In the following description, we use the word 'feature' to mean predictor and, in some cases, ground truth survey variable. The map_feature method within the FeatureEngineering class is used to perform a spatial join between school locations and feature values. In essence, we are finding the correct value of each feature at each given school location. To do so, we first ensure that the dataframe corresponding to each predictor or survey dataset is loaded as a geodataframe, with an appropriately defined 'geometry' column. If the feature's geometry is a polygon, or multipolygon, rather than a point, we take the centroid as the location with which to match. If, instead, the feature's geometry is defined by latitude and longitude columns, rather than a single geometry column, this will be handled appropriately, so long as these column names are exactly 'latitude' and 'longitude', or 'lat' and 'lon'.

For the unexpected instance in which schools have already been matched to feature values, we look for a 'source_school_id' column and merge the school data to the feature data according to these school ids. This is for the sake of code robustness, in case features that are already mapped to schools are mistakenly passed to the map_feature method.

The build_tree method is then called to implement Scikit-learn's KDTree package and thus build a kd tree of the previously defined centroids. The kd tree is a tree in k-dimensional space; for us, this defines the spatial relationships between locations. This tree is then queried with the school locations to get the nearest neighbours, with the query returning dist (geographic distance) and ind (index associated with this location). The rows in the school_data dataframe are then assigned the correct values for each new column. For any variable named 'range', such as the mobile cell tower range variable from the OpenCellID dataset, values are converted to a 0 or 1, corresponding to range < dist and range >= dist respectively. This last part converts any 'range' to a binary variable, representing out-of-range, or in-range.

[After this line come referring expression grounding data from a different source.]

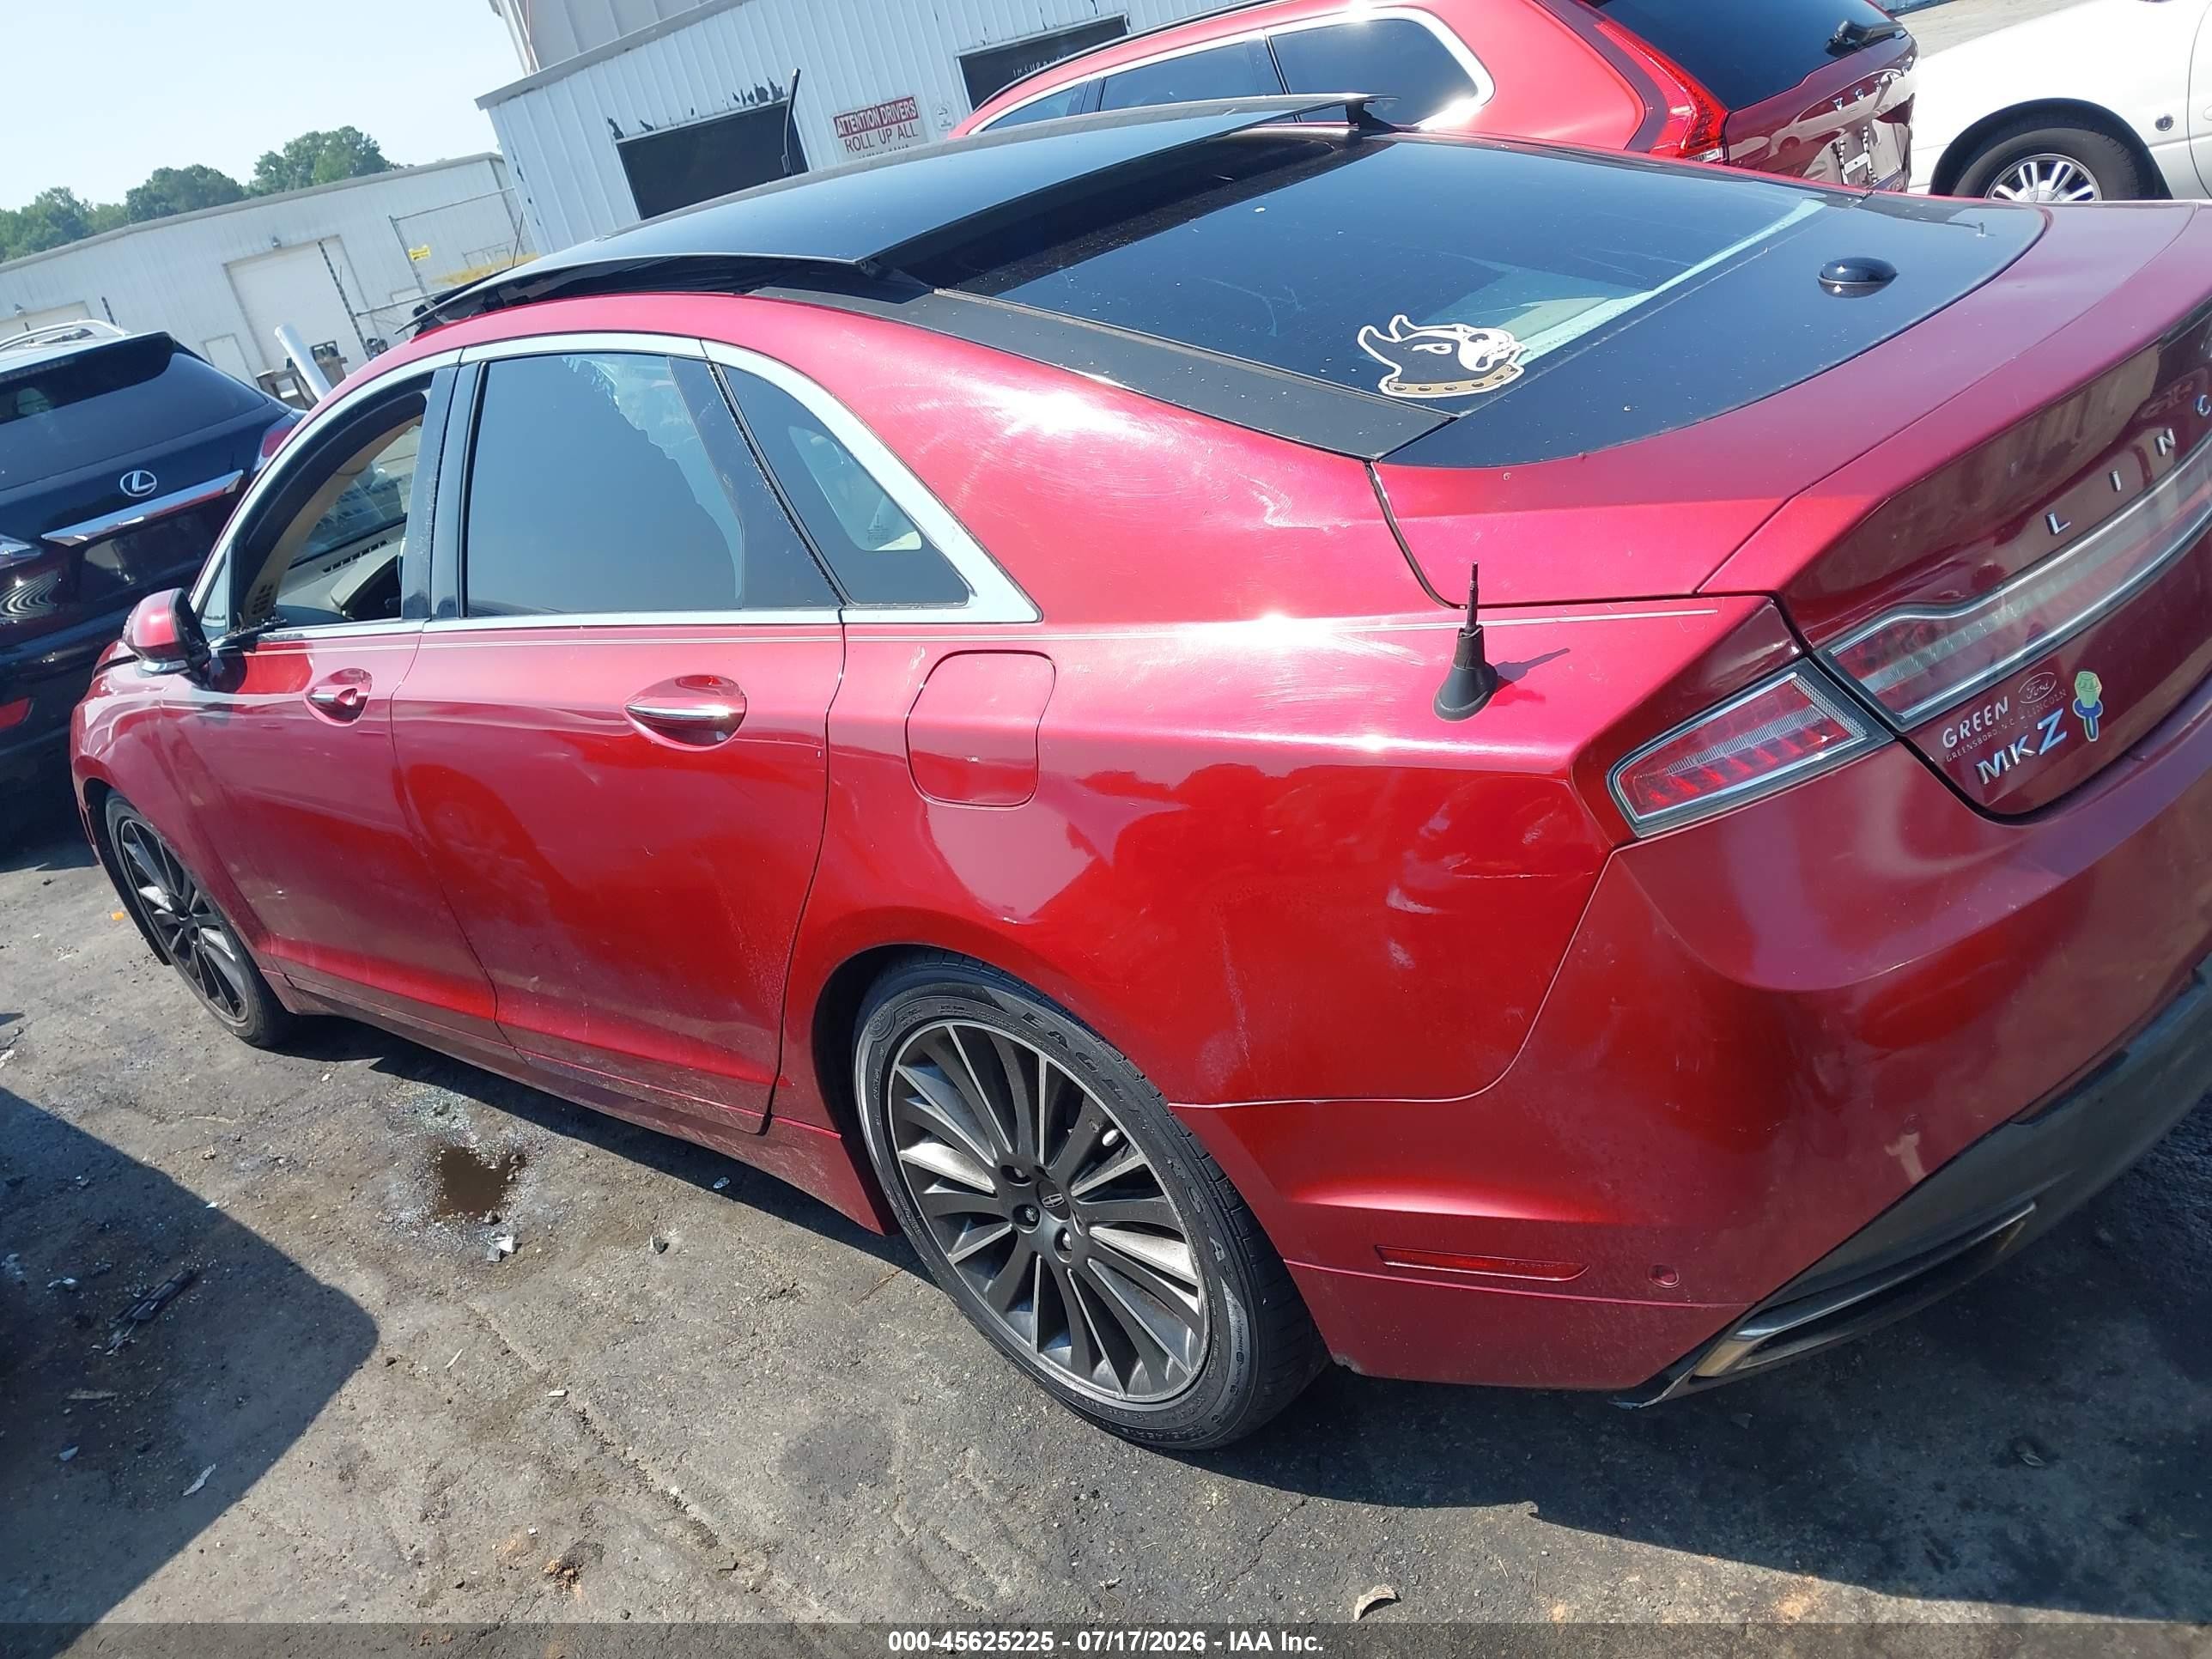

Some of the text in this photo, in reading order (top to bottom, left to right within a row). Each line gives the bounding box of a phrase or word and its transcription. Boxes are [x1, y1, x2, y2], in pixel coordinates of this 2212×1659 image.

[836, 100, 917, 137] ATTENTION DRIVERS
[844, 132, 875, 153] ROLL
[878, 128, 893, 144] UP
[897, 122, 919, 141] ALL
[1942, 696, 2008, 749] GREEN
[1975, 708, 2068, 785] MKZ
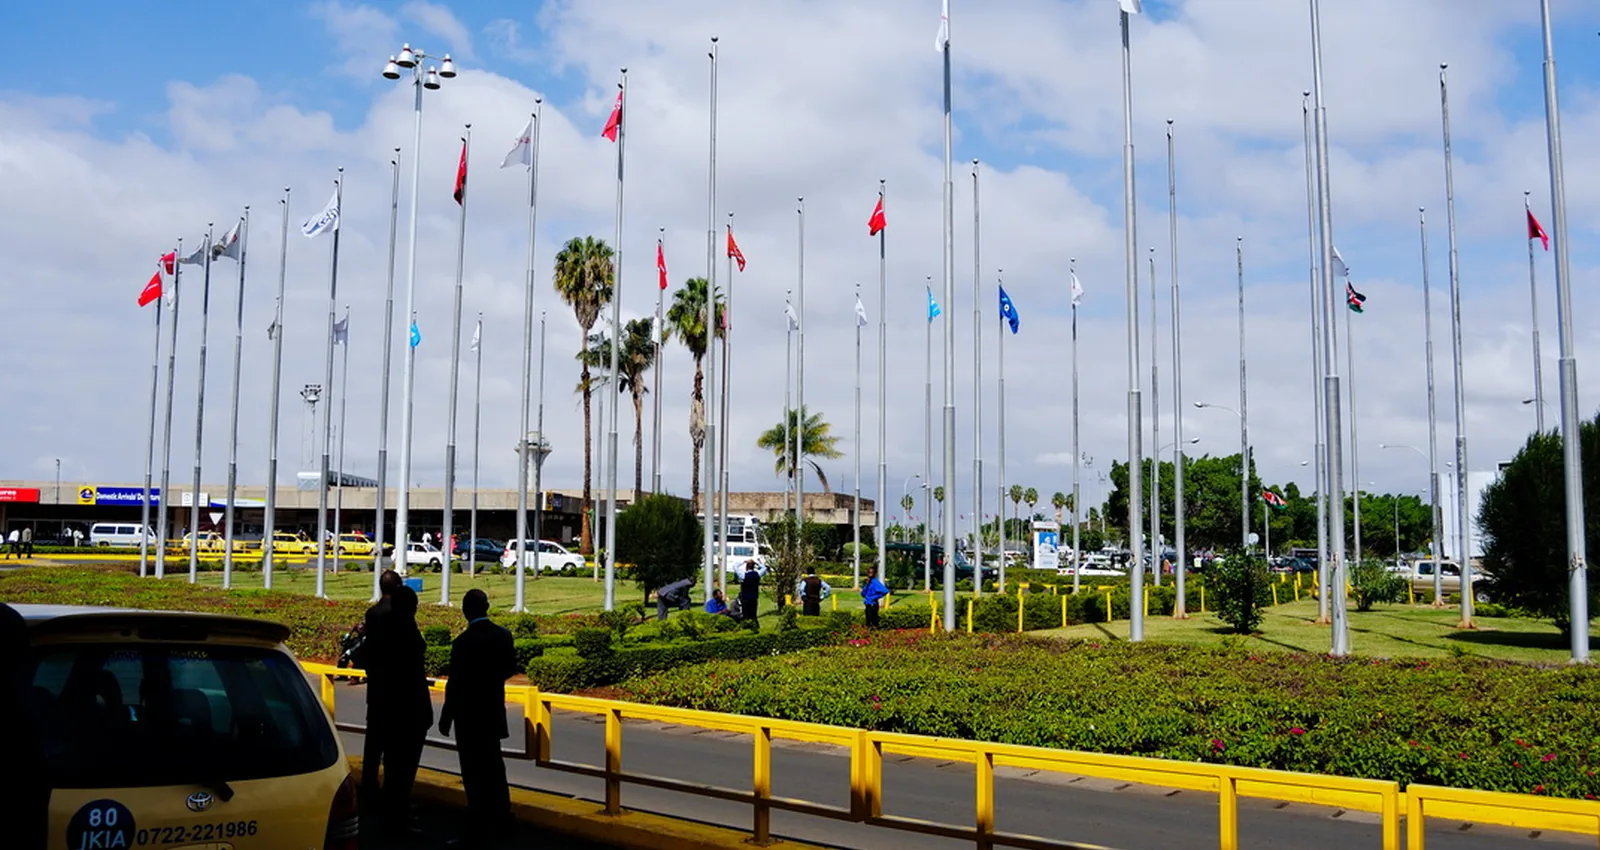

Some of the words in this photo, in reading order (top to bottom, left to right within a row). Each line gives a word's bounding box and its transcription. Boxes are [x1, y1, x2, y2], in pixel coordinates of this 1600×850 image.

[96, 492, 116, 500] Domestic
[89, 807, 117, 827] 80
[77, 830, 126, 850] JKIA
[136, 821, 257, 846] 0722-221986
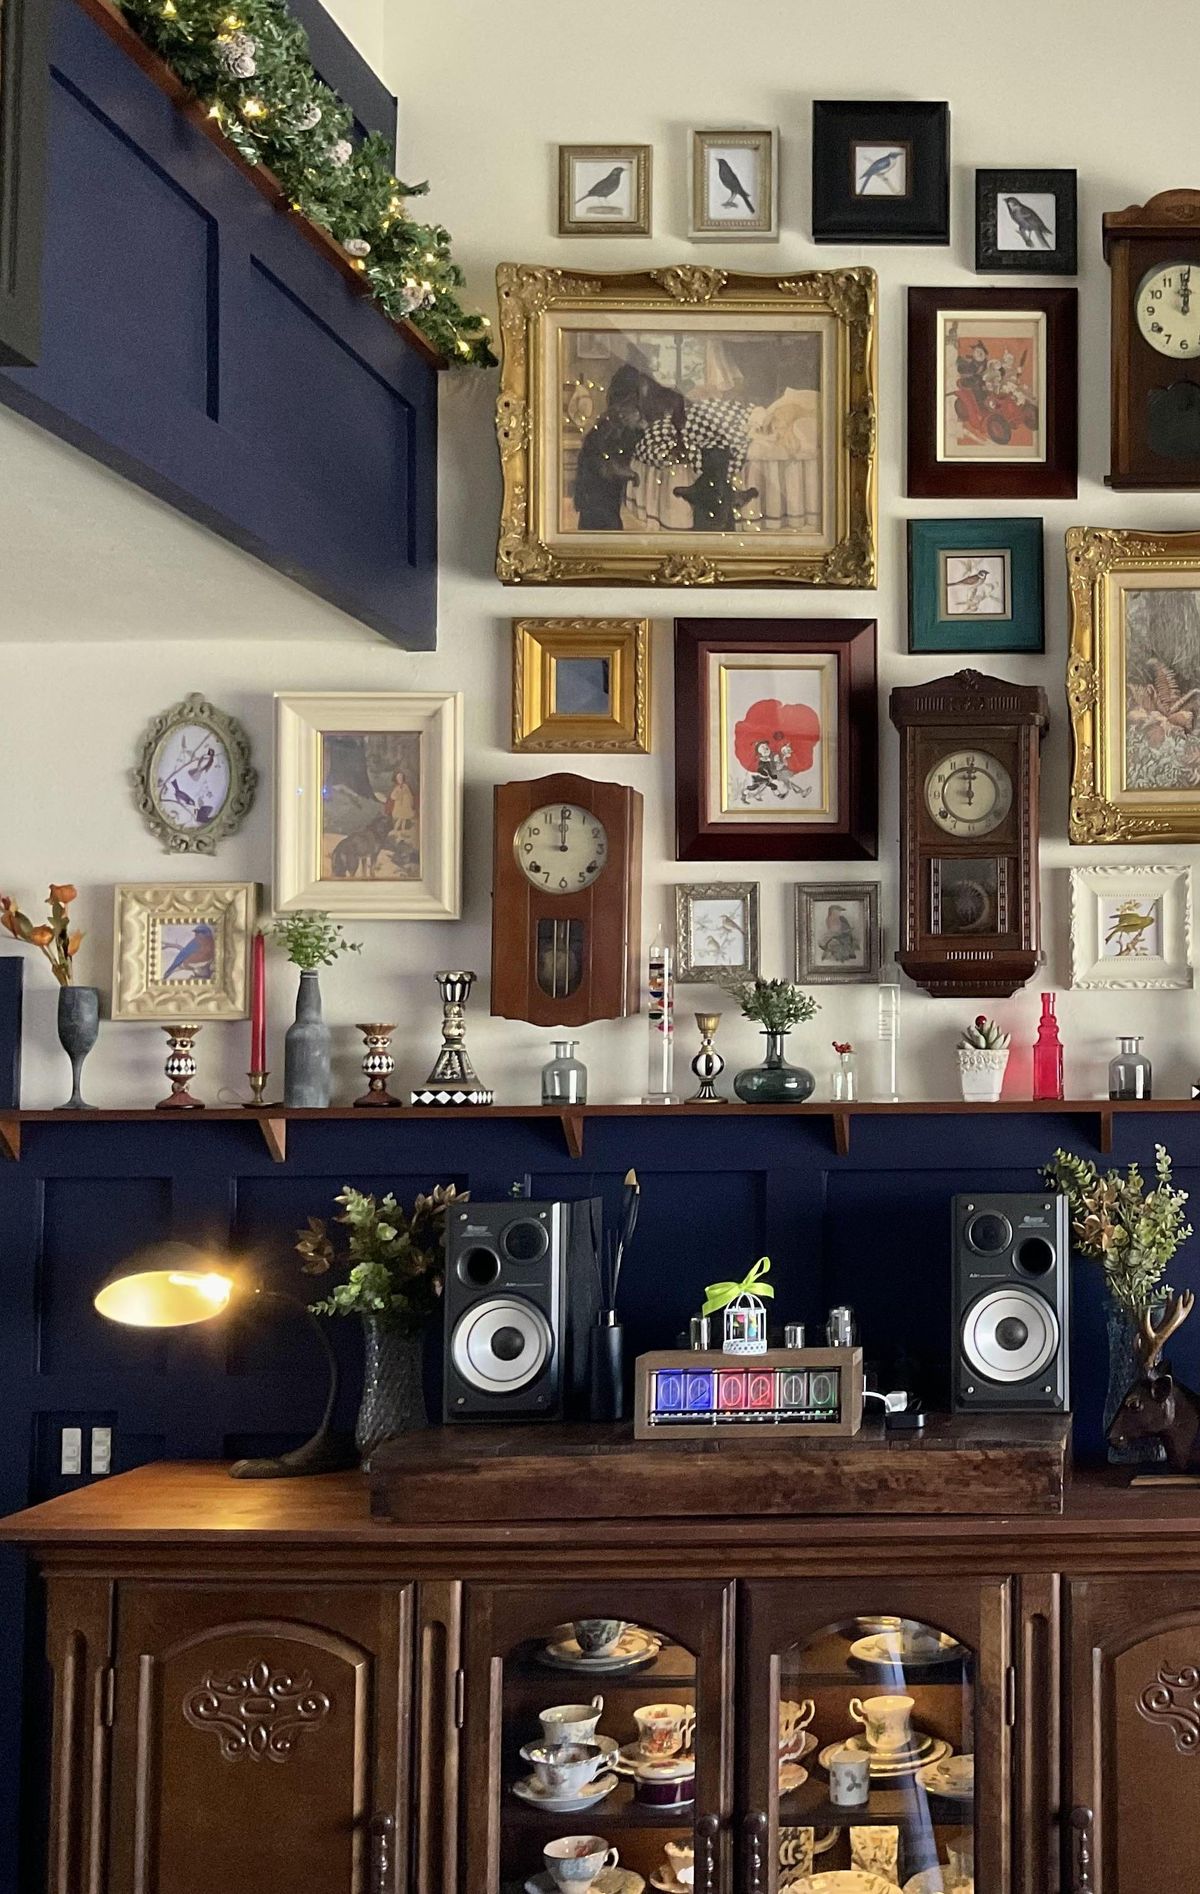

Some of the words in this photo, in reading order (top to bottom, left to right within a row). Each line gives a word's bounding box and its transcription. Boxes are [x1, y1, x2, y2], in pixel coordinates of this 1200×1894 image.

[1163, 277, 1172, 288] 11
[1150, 289, 1162, 299] 10
[1146, 306, 1155, 316] 9
[1151, 322, 1160, 332] 8
[1164, 334, 1172, 344] 7
[1180, 339, 1189, 350] 6
[545, 812, 552, 824] 11
[582, 815, 586, 825] 1
[528, 827, 540, 838] 10
[591, 828, 600, 839] 2
[524, 843, 533, 855] 9
[596, 844, 605, 855] 3
[542, 872, 550, 883] 7
[559, 877, 568, 889] 6
[577, 872, 586, 883] 5

If Dataset Is Sparsely Scattered across Country:

It should be noted that the map_feature method should only be used for features that are not sparsely distributed. For example, this method is not used for the Brazil survey data, which is only available for a selection of enumeration areas, which often have significant geographic regions between them.

For other features, such as the Brazil survey data, which have values only in sparsely distributed locations, we employ the map_enumeration method, which joins school locations to areas via intersections between the enumeration area polygons and 1km radius school buffer zones. We then check for instances in which a school might have been joined to multiple enumeration areas and select only the nearest enumeration area for such cases.

High Level Feature Engineering Pipeline

graph TD A[Get School Data] --> B{Is Survey Available?}; B --> |Yes| C[Get Survey Data]; B --> |No| D[Load Predictor Dataset]; C --> E D --> E[Initialise New Columns]; E --> F[Clean New Data]; F --> G[Match New Data to Schools]; G --> H{All Features Added?}; H --> |Yes| I[Save Dataset] H --> |No| D;

Classification Use Case

Our problem is a regression problem, with an outcome that needs to be predictions from 0 -1. However, should you wish to train or apply a classifier, instead of a regression model, you can create a binary classification dataset by running the 'binning.py' script, found in the src/scripts/ folder. Within this script, it is straightforward to edit the name of a standard regression training dataset that you wish to convert into a classification-ready dataset. To train/apply a classification model, one would then simply need to change the dataset file name within the 'configs.yml' file.